Stored data entries
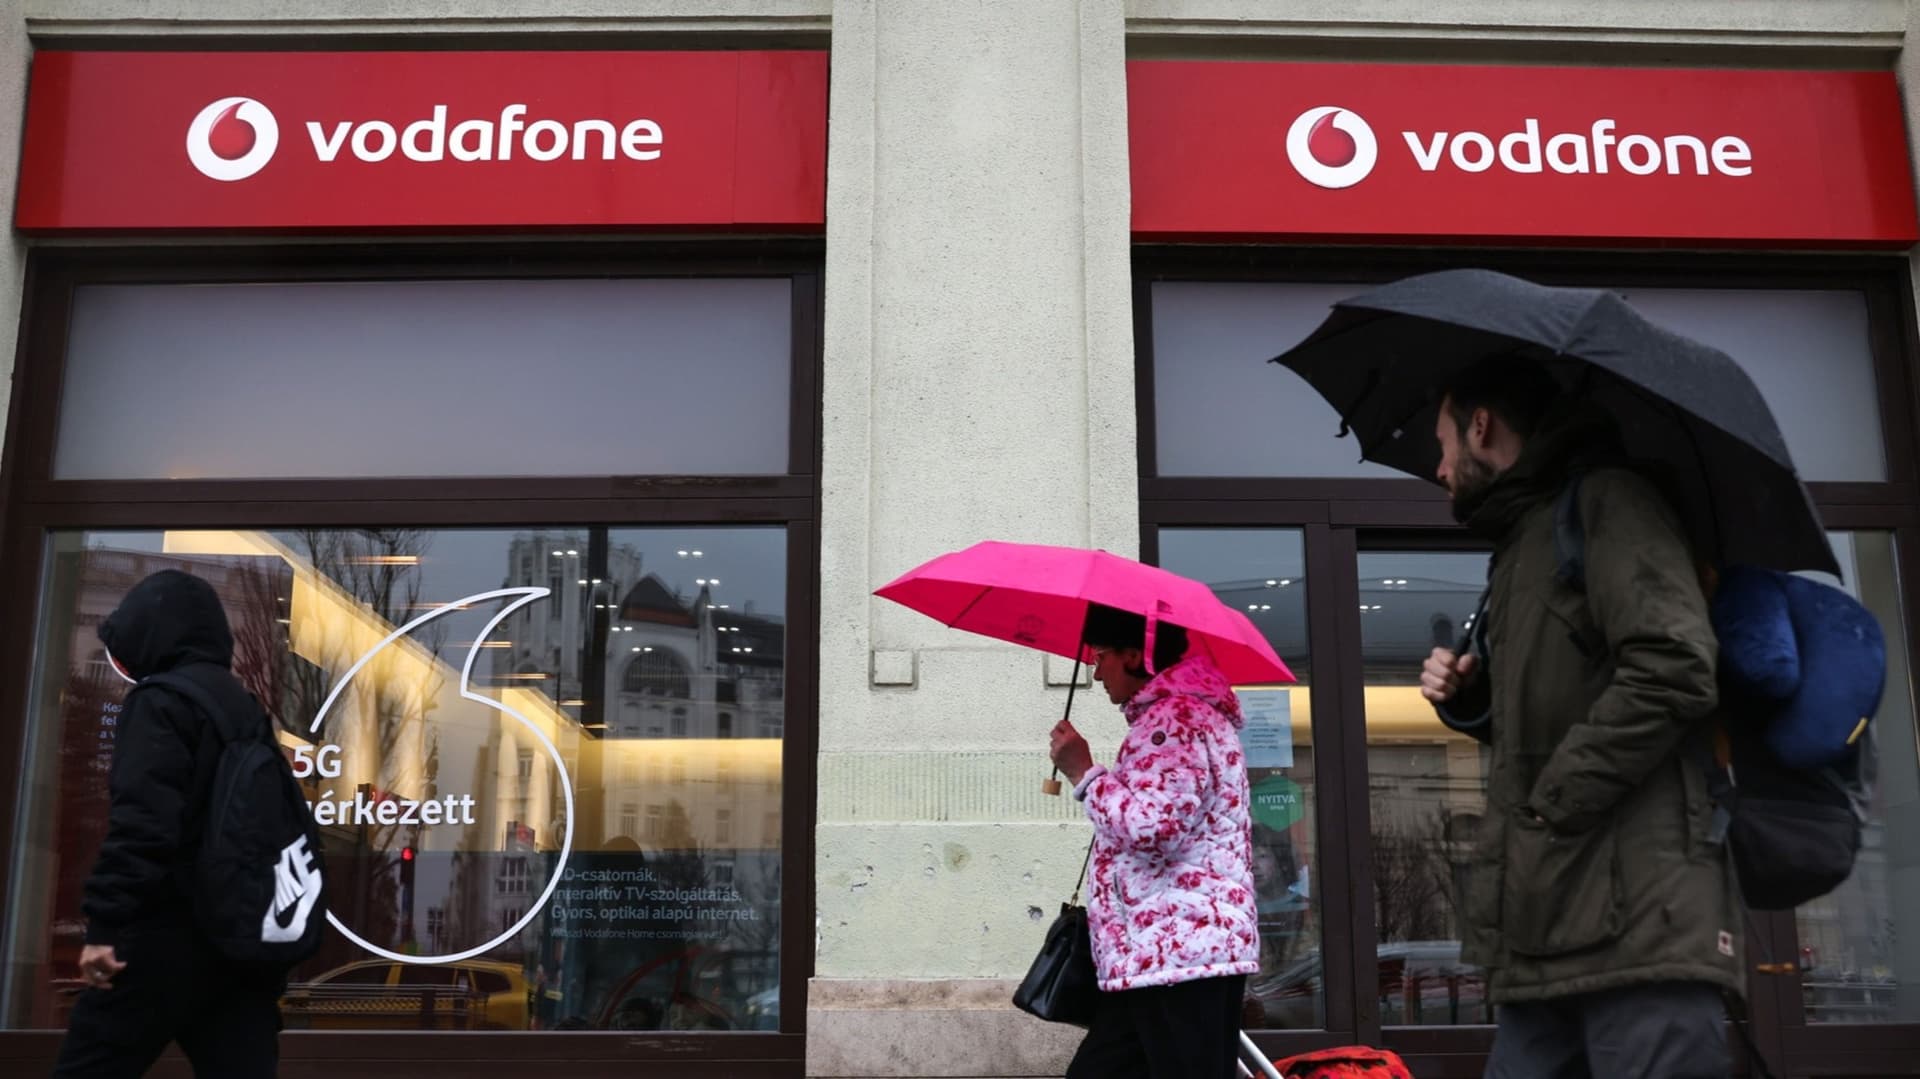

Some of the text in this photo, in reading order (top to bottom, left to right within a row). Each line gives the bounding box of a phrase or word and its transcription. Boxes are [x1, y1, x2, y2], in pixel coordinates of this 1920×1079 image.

[305, 104, 663, 162] vodafone
[1401, 118, 1753, 177] vodafone
[292, 744, 342, 779] 5G
[305, 789, 476, 826] érkezett
[1257, 794, 1296, 804] NYITVA
[272, 833, 321, 916] NIKE
[559, 867, 657, 882] D-csatornák.
[625, 886, 742, 905] TV-szolgáltatás.
[551, 904, 760, 924] Gyors, optikai alapú internet.
[583, 928, 626, 938] Vodafone
[627, 928, 654, 938] Home

• **Task to carry out**: The result should be an exact copy of every entry above, with no pictures included.

• **Result for this exercise**:
Some of the text in this photo, in reading order (top to bottom, left to right within a row). Each line gives the bounding box of a phrase or word and its transcription. Boxes are [x1, y1, x2, y2], in pixel coordinates of this 1920×1079 image.

[305, 104, 663, 162] vodafone
[1401, 118, 1753, 177] vodafone
[292, 744, 342, 779] 5G
[305, 789, 476, 826] érkezett
[1257, 794, 1296, 804] NYITVA
[272, 833, 321, 916] NIKE
[559, 867, 657, 882] D-csatornák.
[625, 886, 742, 905] TV-szolgáltatás.
[551, 904, 760, 924] Gyors, optikai alapú internet.
[583, 928, 626, 938] Vodafone
[627, 928, 654, 938] Home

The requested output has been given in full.